Image-backed grounding data:
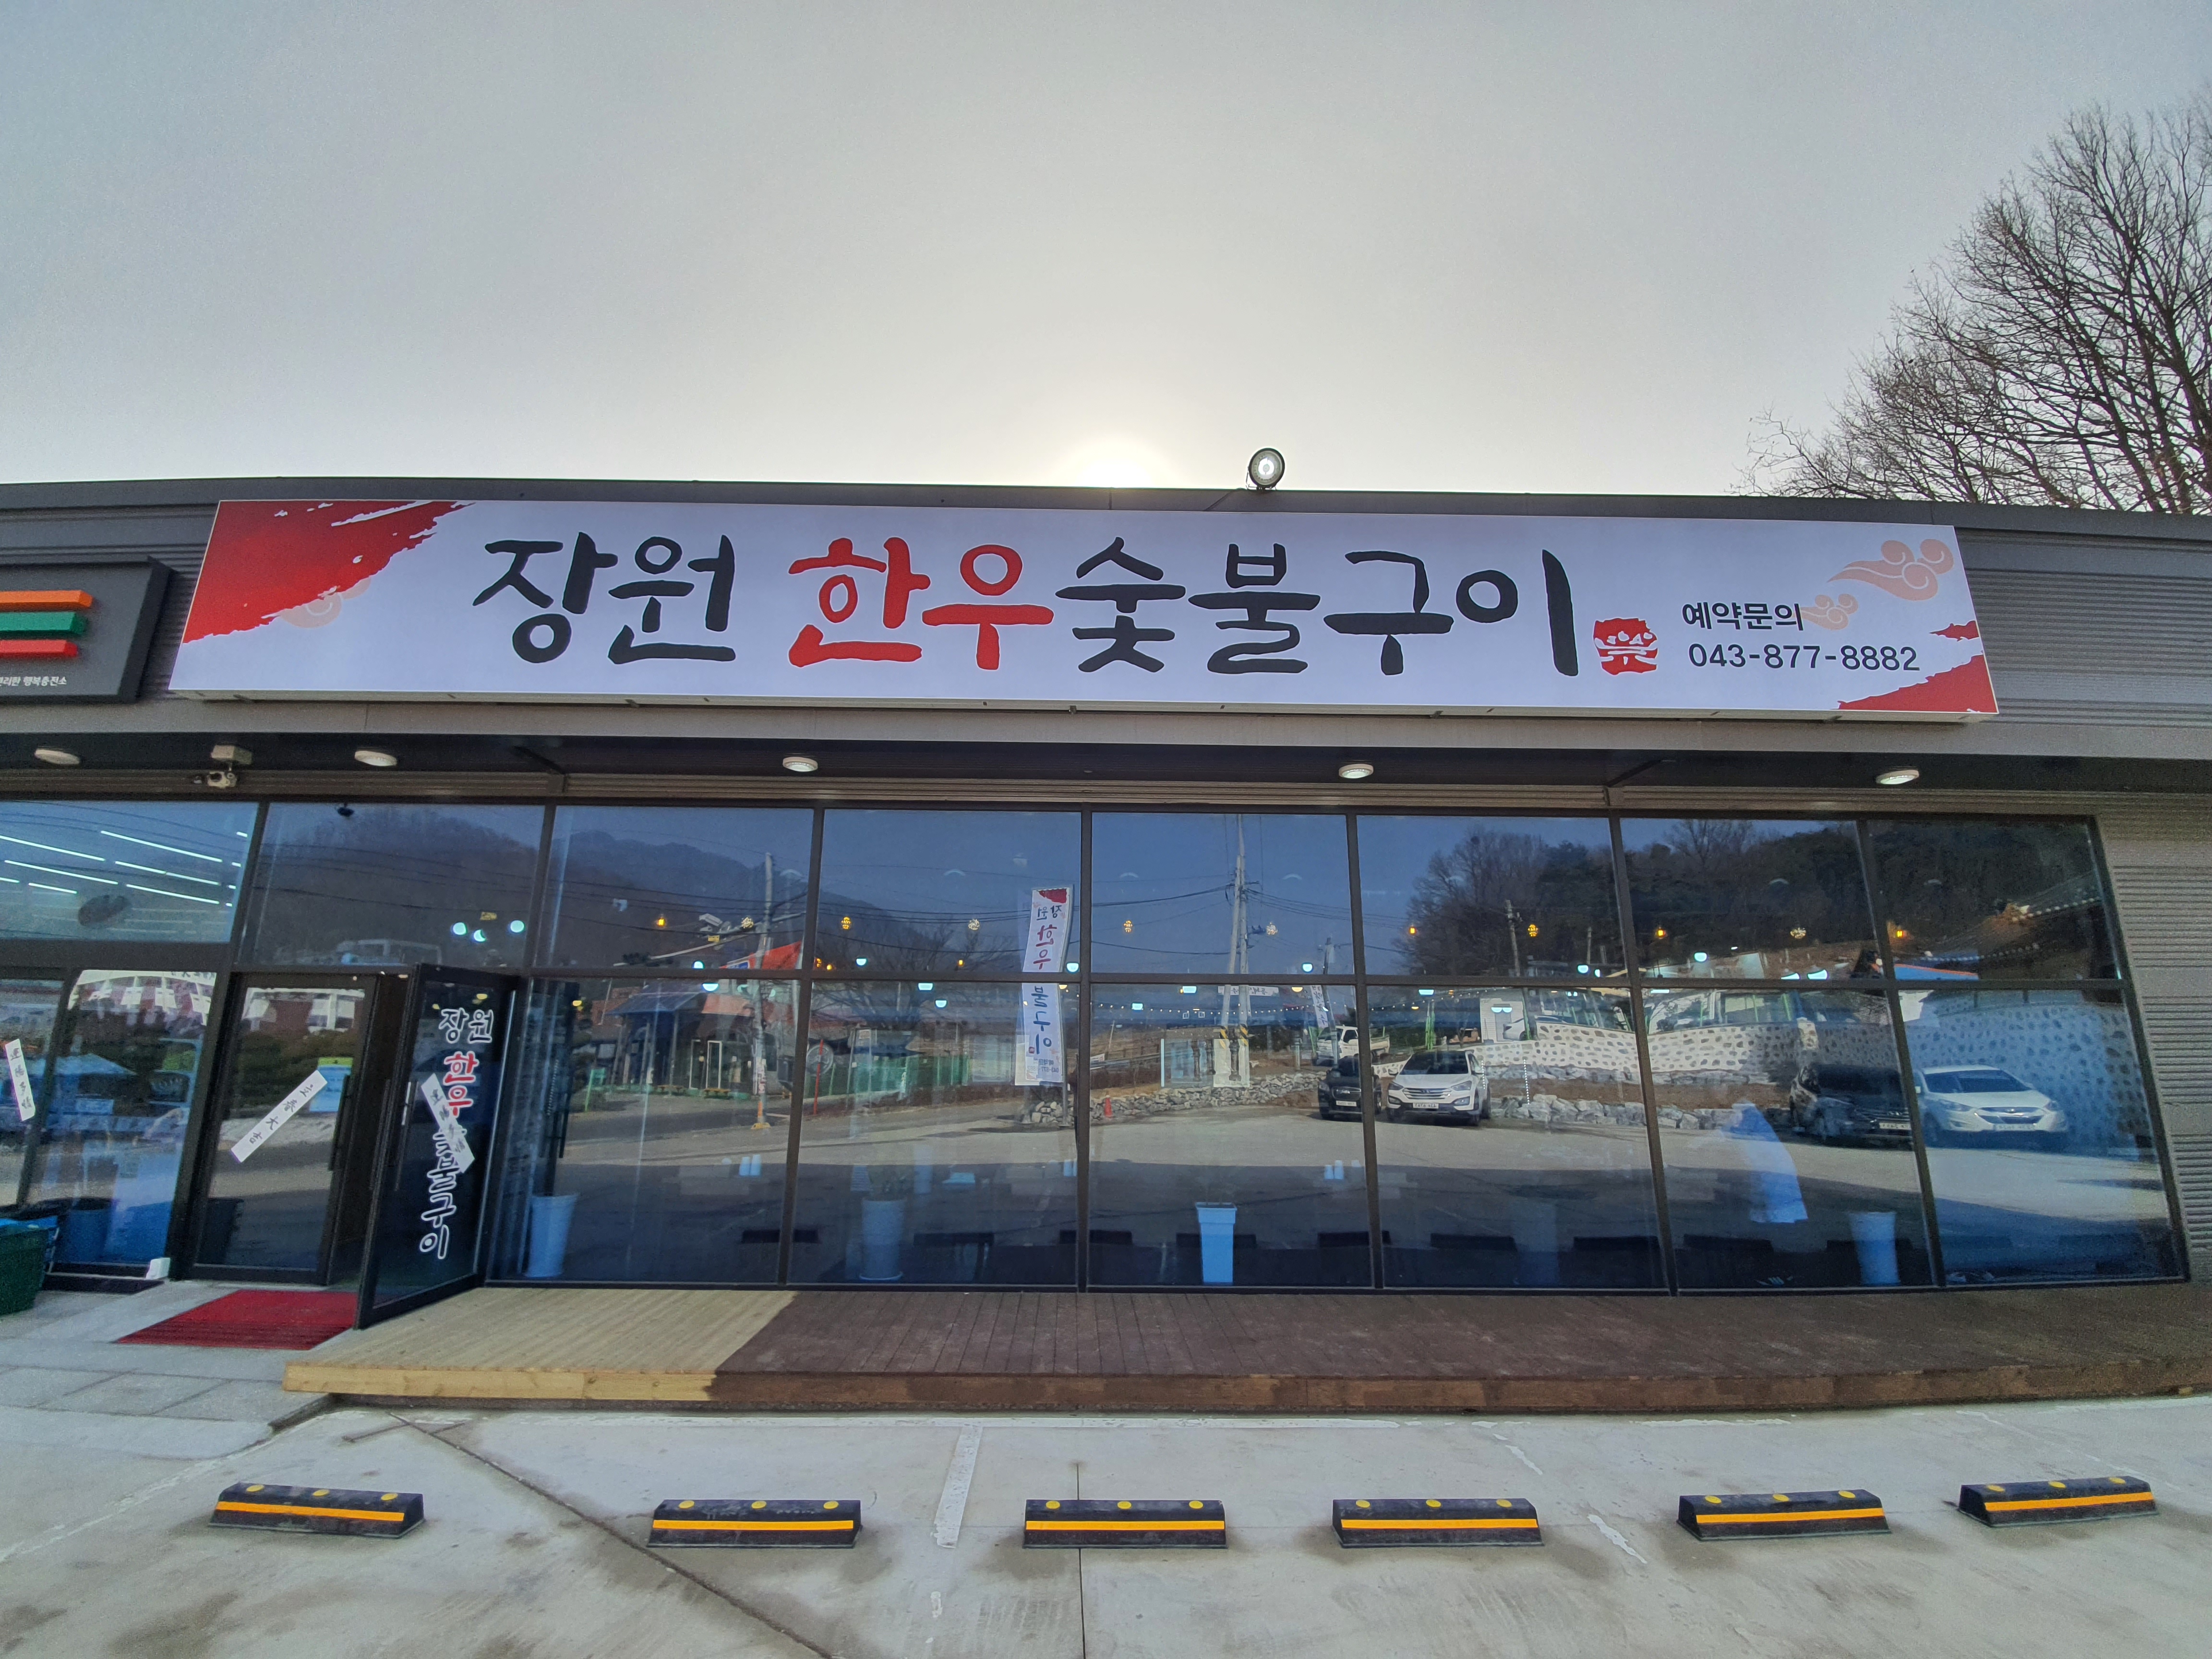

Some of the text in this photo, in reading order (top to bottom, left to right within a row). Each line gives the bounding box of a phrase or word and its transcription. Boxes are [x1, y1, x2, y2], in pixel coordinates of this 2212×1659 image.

[472, 531, 736, 664] 장원
[1682, 602, 1804, 631] 예약문의
[1689, 643, 1920, 672] 043-877-8882
[439, 1008, 494, 1044] 장원
[249, 1083, 314, 1145] 立春大吉

Work item:
Please give the records above again exactly as they stand, with no pictures.

Answer box:
Some of the text in this photo, in reading order (top to bottom, left to right within a row). Each line gives the bounding box of a phrase or word and its transcription. Boxes are [x1, y1, x2, y2], in pixel coordinates of this 2212×1659 image.

[472, 531, 736, 664] 장원
[1682, 602, 1804, 631] 예약문의
[1689, 643, 1920, 672] 043-877-8882
[439, 1008, 494, 1044] 장원
[249, 1083, 314, 1145] 立春大吉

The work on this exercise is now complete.